For his part, Storen, after securing his 22nd save of the season in 25 opportunities, said with a smile that he was unsure what reaction his manager was talking about but admitted that “my favorite thing in the world is to pitch the ninth inning.”
Either way, the closer got his wish and the manager got his win. Still, Storen has now pitched on five of the last six days and the last thing Johnson wants to do is wear him or Tyler Clippard and Sean Burnett (who have both appeared in 39 games this season) out.
With that in mind, he’s been attempting to cultivate the “other side” of his bullpen.
“if you want to be 10, 20, 30 games over .500, you have to have somebody (else),” Johnson said. “Two or three of my (past) closers have come to me when we’re on a roll and said, ‘Hey, Skip, I need a day off,’ and I want to groom that guy that can come in and pick up the slack.”
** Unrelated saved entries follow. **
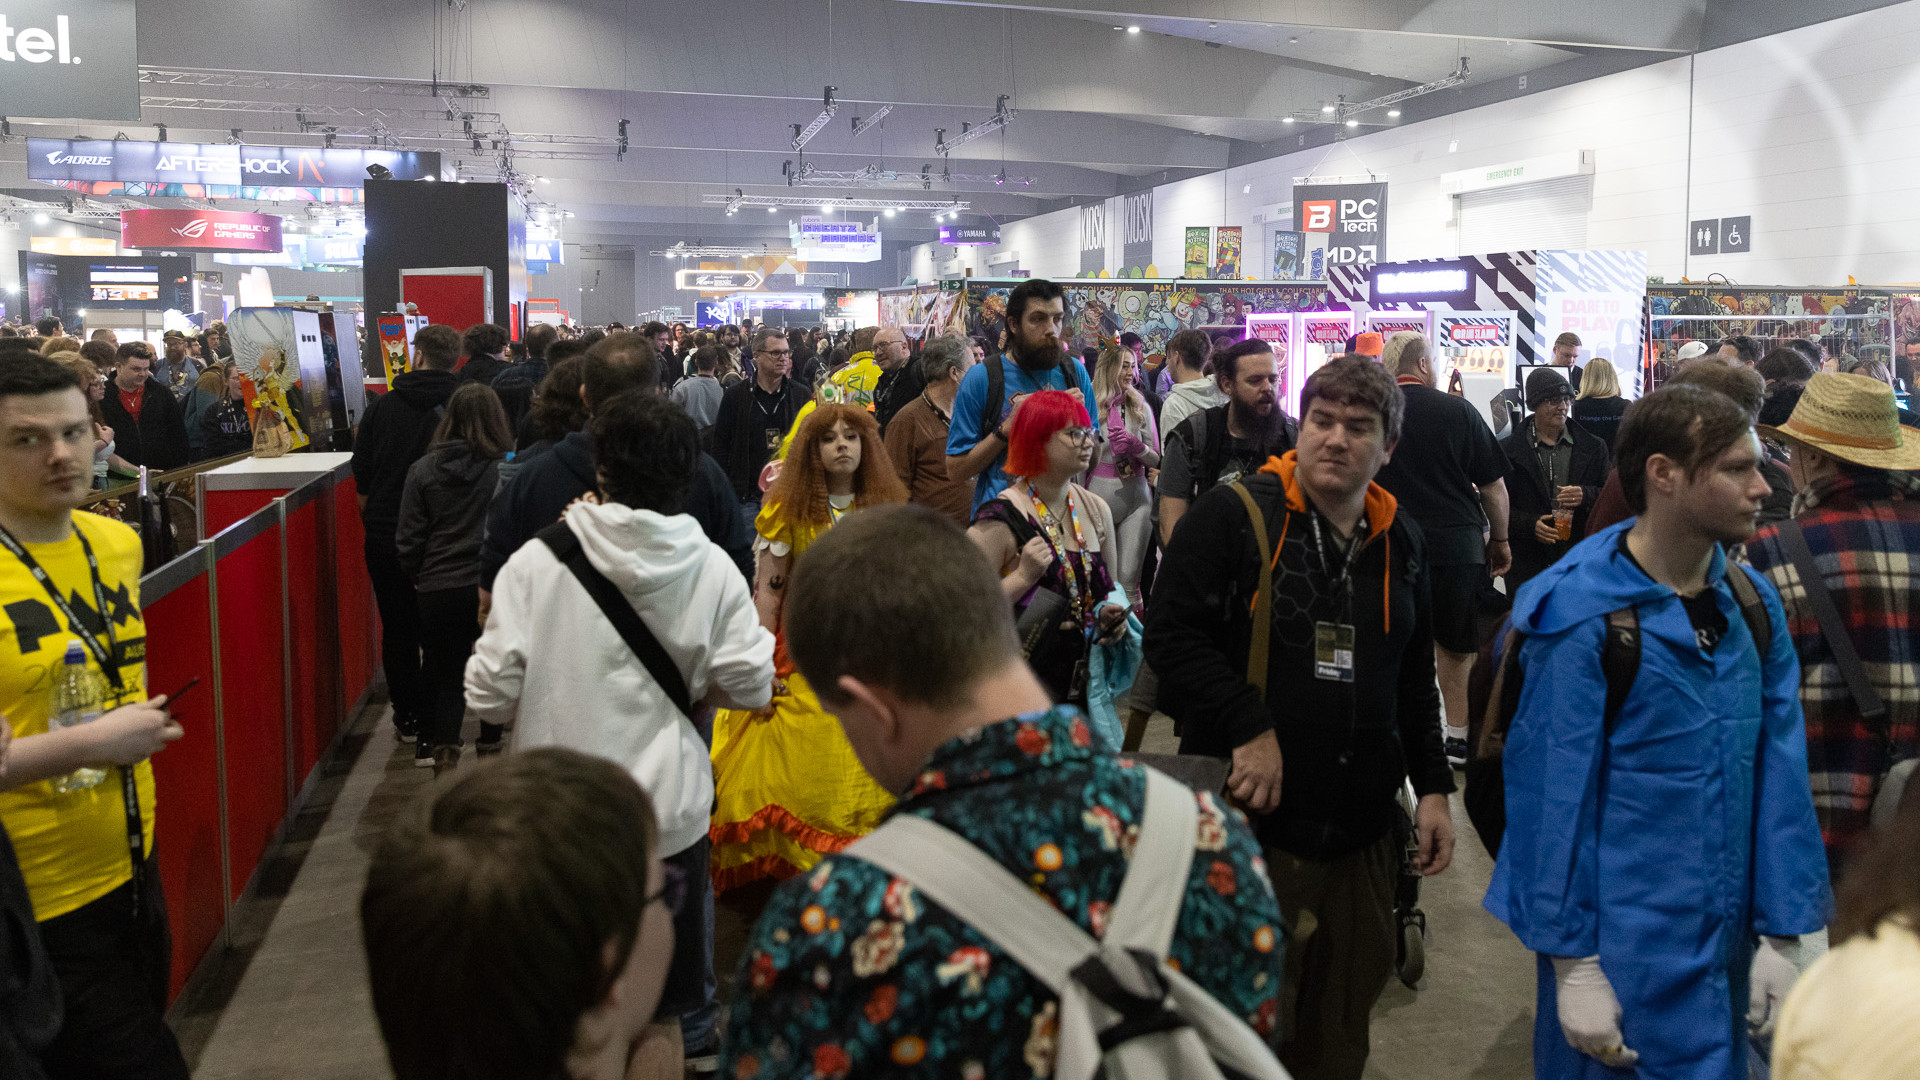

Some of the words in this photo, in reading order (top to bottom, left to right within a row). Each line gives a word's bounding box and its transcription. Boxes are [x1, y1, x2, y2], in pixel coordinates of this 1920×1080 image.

[1519, 75, 1527, 90] 9
[60, 155, 113, 166] AORUS
[155, 155, 291, 175] AFTERSHOCK
[1487, 168, 1513, 181] EMERGENCY
[1513, 166, 1524, 177] EXIT
[1340, 198, 1378, 219] PC
[1124, 193, 1152, 244] KIOSK
[1340, 218, 1378, 232] Tech
[214, 222, 262, 232] REPUBLIC
[262, 225, 271, 233] OF
[214, 230, 255, 240] GAMERS
[963, 229, 986, 238] YAMAHA
[1081, 203, 1105, 252] KIOSK
[1153, 284, 1172, 292] PAX
[1562, 299, 1601, 314] DARE
[1603, 299, 1620, 314] TO
[1562, 316, 1618, 331] PLAY
[1317, 665, 1342, 678] Friday
For the Nationals, obviously the first guy for that role would be Clippard but he constantly walks a fine line between use and overuse so that means the responsibility will fall more on the shoulders of Ryan Mattheus, Rodriguez and Todd Coffey. Mattheus and Rodriguez both pitched Wednesday night in either a tie game or with a one-run lead and neither have an ERA this season above 2.00.
To this point, Storen, Clippard and Burnett have been placed in significantly more high leverage situations than anyone else in that bullpen but as Johnson begins to shape things the way he’d like after more than just 10 days on the job, that may well be changing.
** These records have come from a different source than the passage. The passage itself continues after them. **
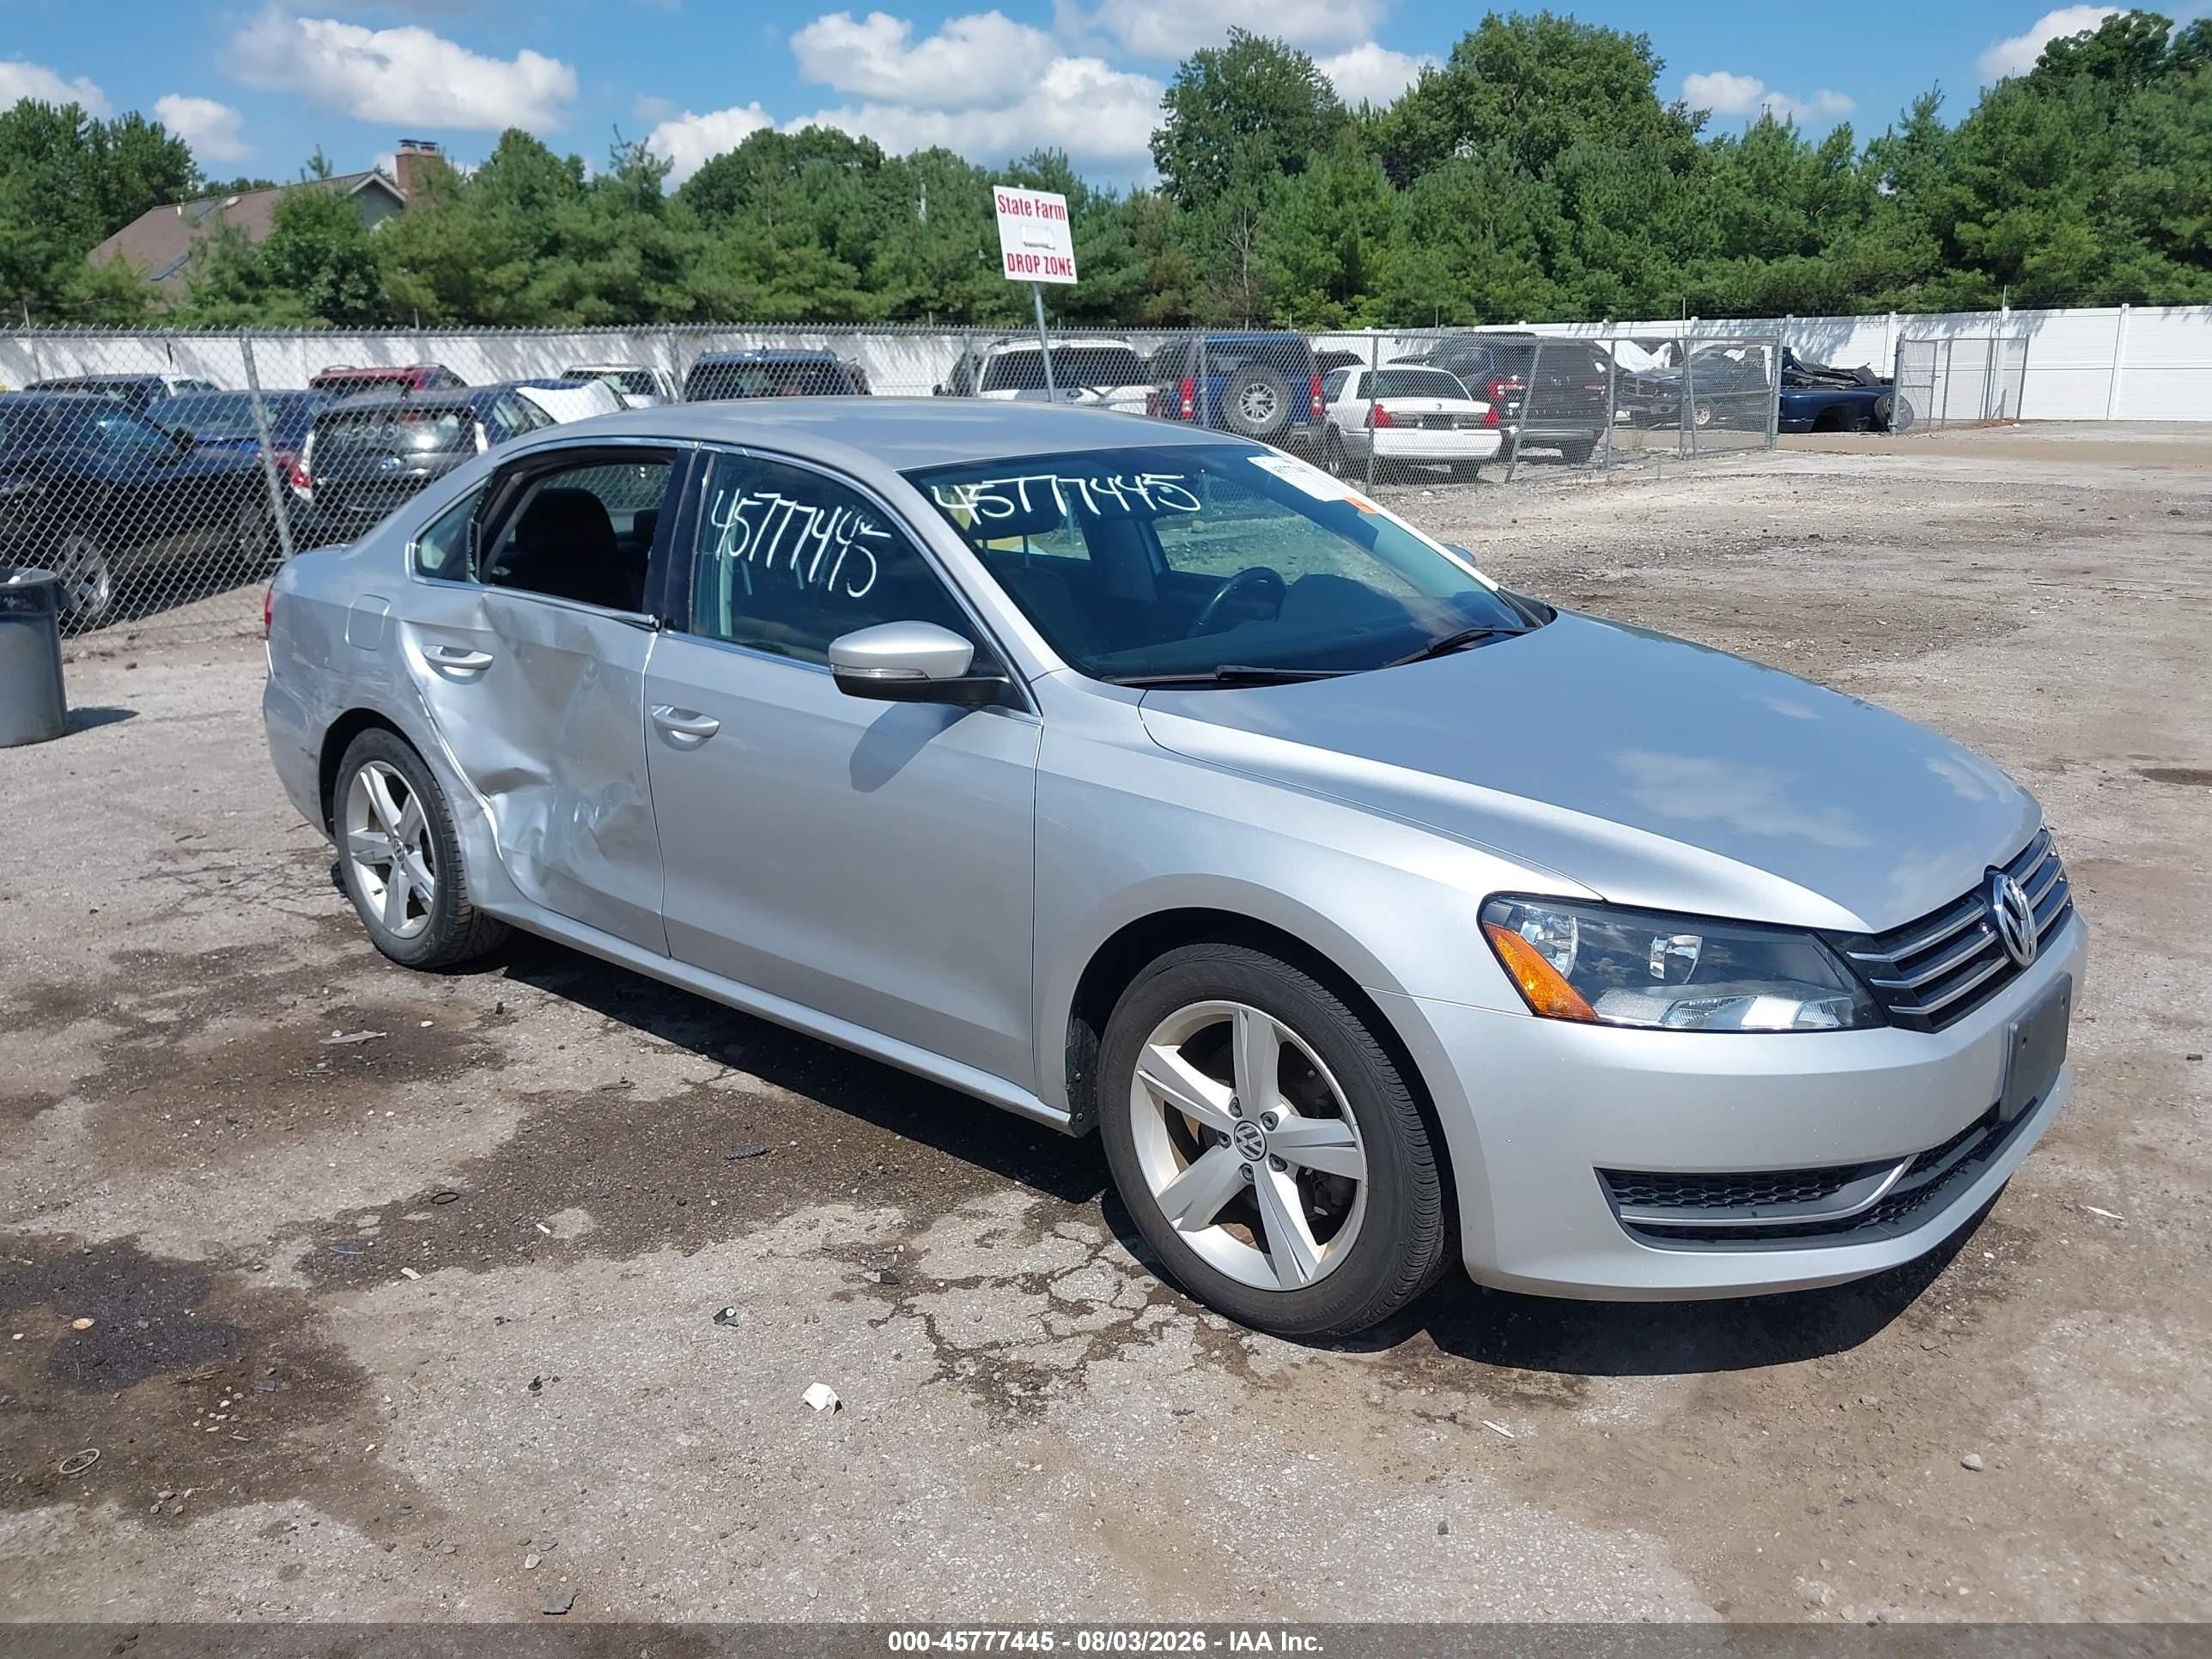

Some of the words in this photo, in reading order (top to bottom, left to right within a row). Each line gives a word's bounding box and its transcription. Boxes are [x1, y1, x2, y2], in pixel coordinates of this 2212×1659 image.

[997, 193, 1032, 217] State
[1034, 198, 1066, 221] Farm
[1006, 252, 1041, 274] DROP
[1043, 255, 1073, 276] ZONE
[930, 474, 1201, 526] 45777445
[711, 487, 892, 598] 45777445
“There’s a lot of great arms out there and they’re just now establishing some roles,” Johnson said. “I think the bullpens’ basically been Burnett, Clip and Storen and the other side is now looking pretty strong. Both (Clippard and Storen) are invalauble to this ballclub, I just can’t abuse them but at the same time establish those guys who can do a good job when they’re down. That’s the only way you can run off a long winning streak.”
Clippard was unavailable Wednesday night and there’s a good chance, no matter how his “blood boils,” that Storen will be unavailable Thursday night. Storen said Wednesday hasn’t reached the point where he feels too sore to throw and if he did, he would say something, but he’s learned a lot about saving his strength for the mound — trying to become Trevor Hoffman-like and require just eight pitches to warm up.
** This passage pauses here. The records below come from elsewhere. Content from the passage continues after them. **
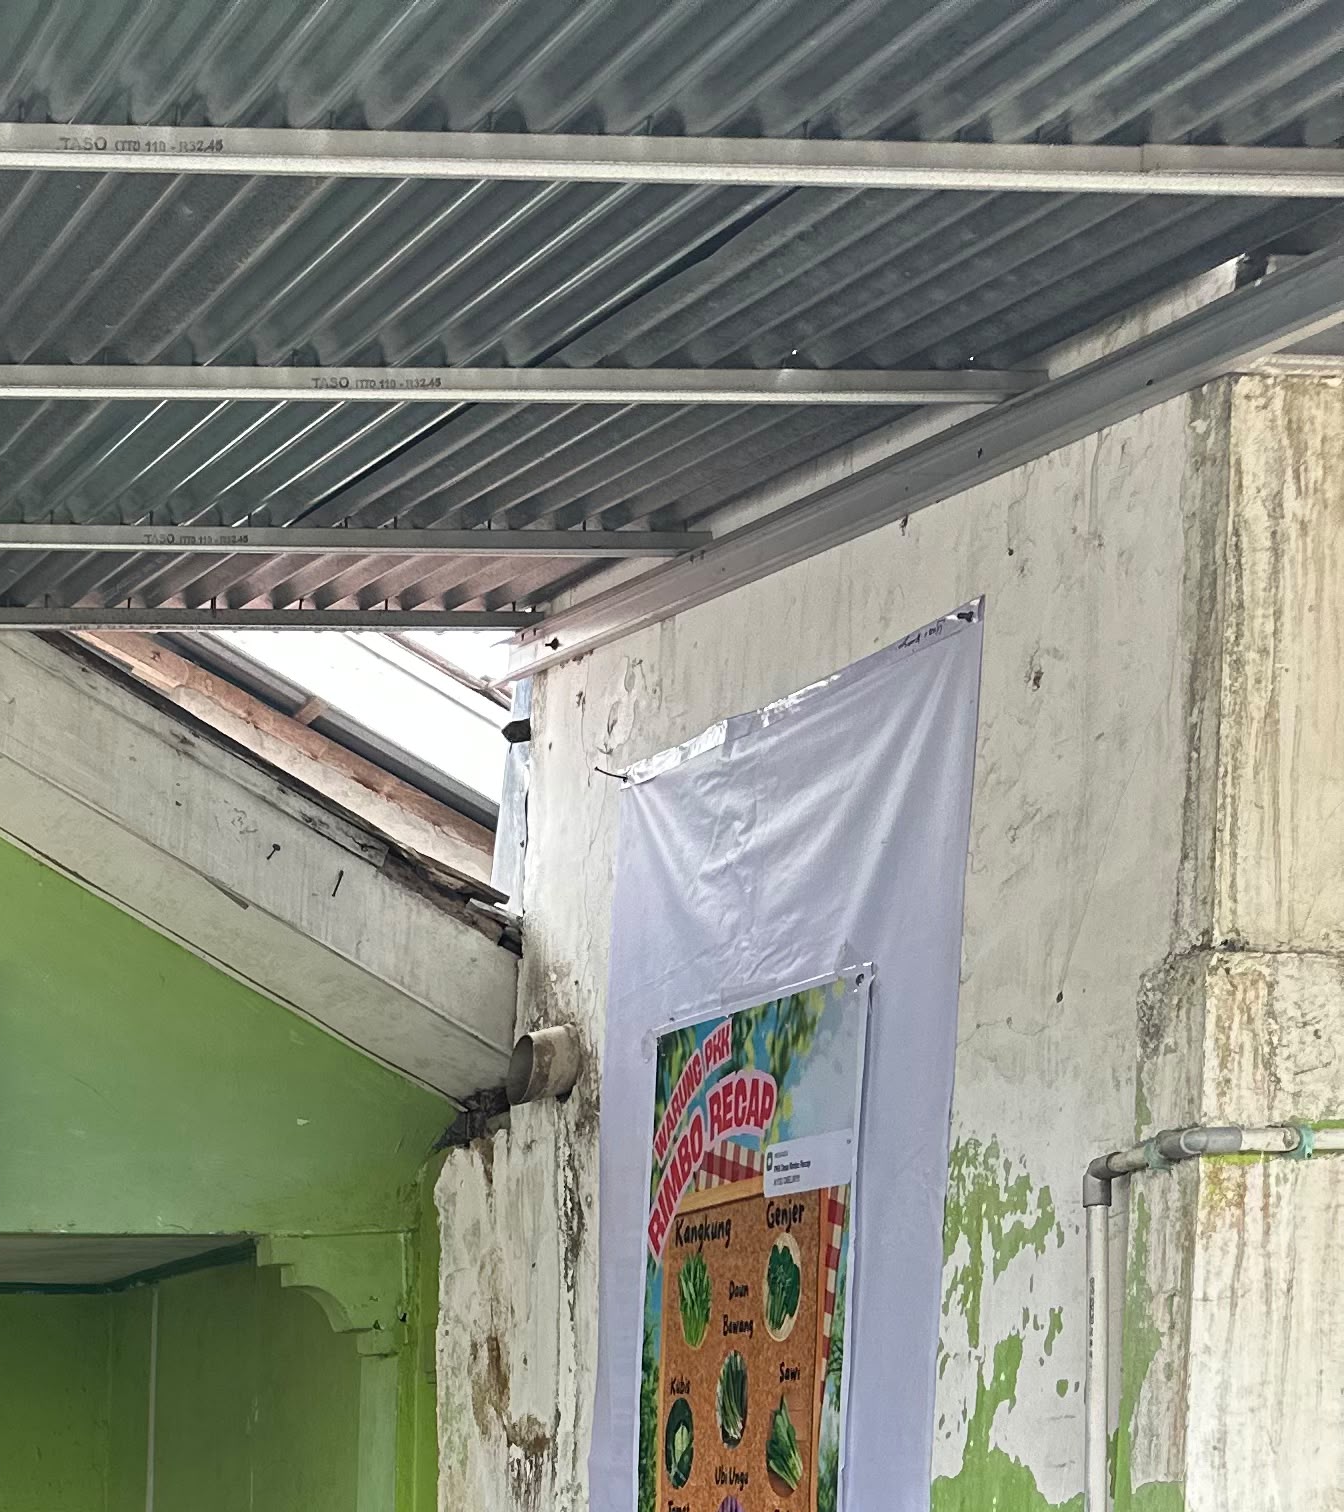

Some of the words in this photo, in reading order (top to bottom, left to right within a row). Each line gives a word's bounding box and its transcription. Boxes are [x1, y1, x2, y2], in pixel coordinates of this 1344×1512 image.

[654, 1051, 703, 1160] WARUNG
[705, 1022, 732, 1072] PKK
[648, 1113, 704, 1257] RIMBO
[708, 1077, 775, 1142] RECAP
[675, 1214, 732, 1252] Kangkung
[766, 1199, 804, 1233] Genjer
[729, 1280, 749, 1300] Daun
[723, 1314, 754, 1339] Bawang
[779, 1361, 801, 1383] Sawi
“I’m a big believer in warming up to throw and don’t throw to warmup,” he said.
But Storen is not competitive to a reckless point. He’s well aware that if the Nationals continue to play one-run games every night, he can’t pitch in the ninth inning of all of them. That’s where the rest of the bullpen comes in.
“I always talk about it and it’s so cliché, but we really are a family down there,” Storen said. “The whole year, there are going to be days when somebody’s going to be down and somebody’s going to have to step up.”